- Opening Delimiter -

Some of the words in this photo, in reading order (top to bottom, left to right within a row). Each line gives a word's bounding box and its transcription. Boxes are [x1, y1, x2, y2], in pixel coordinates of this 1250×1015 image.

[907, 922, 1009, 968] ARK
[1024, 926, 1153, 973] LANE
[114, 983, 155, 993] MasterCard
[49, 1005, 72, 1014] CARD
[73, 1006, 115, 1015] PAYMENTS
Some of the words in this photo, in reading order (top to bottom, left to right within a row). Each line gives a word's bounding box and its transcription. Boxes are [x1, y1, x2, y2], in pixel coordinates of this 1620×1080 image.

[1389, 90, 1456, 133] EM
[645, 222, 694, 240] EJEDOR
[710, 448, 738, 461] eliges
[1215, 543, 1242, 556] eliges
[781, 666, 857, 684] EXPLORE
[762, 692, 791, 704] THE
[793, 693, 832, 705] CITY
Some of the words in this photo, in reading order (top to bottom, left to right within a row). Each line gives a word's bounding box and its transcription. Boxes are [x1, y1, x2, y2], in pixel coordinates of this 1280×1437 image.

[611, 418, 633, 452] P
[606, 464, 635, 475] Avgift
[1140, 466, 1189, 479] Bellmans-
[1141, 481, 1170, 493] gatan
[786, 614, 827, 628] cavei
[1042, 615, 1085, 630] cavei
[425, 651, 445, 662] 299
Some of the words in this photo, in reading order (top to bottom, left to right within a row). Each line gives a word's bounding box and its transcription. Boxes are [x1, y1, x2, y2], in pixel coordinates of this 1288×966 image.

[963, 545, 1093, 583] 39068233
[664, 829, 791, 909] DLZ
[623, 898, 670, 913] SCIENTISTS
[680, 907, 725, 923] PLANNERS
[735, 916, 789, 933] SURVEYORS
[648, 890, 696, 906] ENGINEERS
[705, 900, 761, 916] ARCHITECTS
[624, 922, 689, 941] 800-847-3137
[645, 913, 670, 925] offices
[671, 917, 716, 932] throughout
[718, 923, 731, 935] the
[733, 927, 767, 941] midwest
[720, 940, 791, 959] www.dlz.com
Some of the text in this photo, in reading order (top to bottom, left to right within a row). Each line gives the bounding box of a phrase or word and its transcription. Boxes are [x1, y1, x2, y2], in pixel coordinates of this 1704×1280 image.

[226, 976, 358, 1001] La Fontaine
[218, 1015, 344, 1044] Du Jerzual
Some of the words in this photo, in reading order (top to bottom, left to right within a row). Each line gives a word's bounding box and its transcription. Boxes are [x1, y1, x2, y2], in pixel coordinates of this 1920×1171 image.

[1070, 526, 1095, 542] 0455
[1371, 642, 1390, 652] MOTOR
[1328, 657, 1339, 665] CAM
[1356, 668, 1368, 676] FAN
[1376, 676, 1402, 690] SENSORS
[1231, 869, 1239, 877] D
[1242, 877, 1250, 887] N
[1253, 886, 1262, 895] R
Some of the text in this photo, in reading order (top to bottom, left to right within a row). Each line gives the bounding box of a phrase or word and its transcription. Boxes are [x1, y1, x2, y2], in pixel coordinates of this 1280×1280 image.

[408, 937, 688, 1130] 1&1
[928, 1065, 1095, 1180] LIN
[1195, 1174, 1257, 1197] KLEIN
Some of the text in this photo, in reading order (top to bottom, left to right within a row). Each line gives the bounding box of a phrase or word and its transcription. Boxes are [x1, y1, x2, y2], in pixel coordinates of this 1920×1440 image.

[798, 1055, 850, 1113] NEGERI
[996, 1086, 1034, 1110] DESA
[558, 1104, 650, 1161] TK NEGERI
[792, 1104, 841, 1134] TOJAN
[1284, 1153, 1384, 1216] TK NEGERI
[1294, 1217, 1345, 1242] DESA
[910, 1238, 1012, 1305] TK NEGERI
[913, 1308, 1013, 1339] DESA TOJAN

- Closing Delimiter -

> [TASK INSTRUCTIONS] Print the full listing verbatim. Leave nothing out.

> [WRITTEN REPLY]
Some of the words in this photo, in reading order (top to bottom, left to right within a row). Each line gives a word's bounding box and its transcription. Boxes are [x1, y1, x2, y2], in pixel coordinates of this 1250×1015 image.

[907, 922, 1009, 968] ARK
[1024, 926, 1153, 973] LANE
[114, 983, 155, 993] MasterCard
[49, 1005, 72, 1014] CARD
[73, 1006, 115, 1015] PAYMENTS
Some of the words in this photo, in reading order (top to bottom, left to right within a row). Each line gives a word's bounding box and its transcription. Boxes are [x1, y1, x2, y2], in pixel coordinates of this 1620×1080 image.

[1389, 90, 1456, 133] EM
[645, 222, 694, 240] EJEDOR
[710, 448, 738, 461] eliges
[1215, 543, 1242, 556] eliges
[781, 666, 857, 684] EXPLORE
[762, 692, 791, 704] THE
[793, 693, 832, 705] CITY
Some of the words in this photo, in reading order (top to bottom, left to right within a row). Each line gives a word's bounding box and its transcription. Boxes are [x1, y1, x2, y2], in pixel coordinates of this 1280×1437 image.

[611, 418, 633, 452] P
[606, 464, 635, 475] Avgift
[1140, 466, 1189, 479] Bellmans-
[1141, 481, 1170, 493] gatan
[786, 614, 827, 628] cavei
[1042, 615, 1085, 630] cavei
[425, 651, 445, 662] 299
Some of the words in this photo, in reading order (top to bottom, left to right within a row). Each line gives a word's bounding box and its transcription. Boxes are [x1, y1, x2, y2], in pixel coordinates of this 1288×966 image.

[963, 545, 1093, 583] 39068233
[664, 829, 791, 909] DLZ
[623, 898, 670, 913] SCIENTISTS
[680, 907, 725, 923] PLANNERS
[735, 916, 789, 933] SURVEYORS
[648, 890, 696, 906] ENGINEERS
[705, 900, 761, 916] ARCHITECTS
[624, 922, 689, 941] 800-847-3137
[645, 913, 670, 925] offices
[671, 917, 716, 932] throughout
[718, 923, 731, 935] the
[733, 927, 767, 941] midwest
[720, 940, 791, 959] www.dlz.com
Some of the text in this photo, in reading order (top to bottom, left to right within a row). Each line gives the bounding box of a phrase or word and its transcription. Boxes are [x1, y1, x2, y2], in pixel coordinates of this 1704×1280 image.

[226, 976, 358, 1001] La Fontaine
[218, 1015, 344, 1044] Du Jerzual
Some of the words in this photo, in reading order (top to bottom, left to right within a row). Each line gives a word's bounding box and its transcription. Boxes are [x1, y1, x2, y2], in pixel coordinates of this 1920×1171 image.

[1070, 526, 1095, 542] 0455
[1371, 642, 1390, 652] MOTOR
[1328, 657, 1339, 665] CAM
[1356, 668, 1368, 676] FAN
[1376, 676, 1402, 690] SENSORS
[1231, 869, 1239, 877] D
[1242, 877, 1250, 887] N
[1253, 886, 1262, 895] R
Some of the text in this photo, in reading order (top to bottom, left to right within a row). Each line gives the bounding box of a phrase or word and its transcription. Boxes are [x1, y1, x2, y2], in pixel coordinates of this 1280×1280 image.

[408, 937, 688, 1130] 1&1
[928, 1065, 1095, 1180] LIN
[1195, 1174, 1257, 1197] KLEIN
Some of the text in this photo, in reading order (top to bottom, left to right within a row). Each line gives the bounding box of a phrase or word and its transcription. Boxes are [x1, y1, x2, y2], in pixel coordinates of this 1920×1440 image.

[798, 1055, 850, 1113] NEGERI
[996, 1086, 1034, 1110] DESA
[558, 1104, 650, 1161] TK NEGERI
[792, 1104, 841, 1134] TOJAN
[1284, 1153, 1384, 1216] TK NEGERI
[1294, 1217, 1345, 1242] DESA
[910, 1238, 1012, 1305] TK NEGERI
[913, 1308, 1013, 1339] DESA TOJAN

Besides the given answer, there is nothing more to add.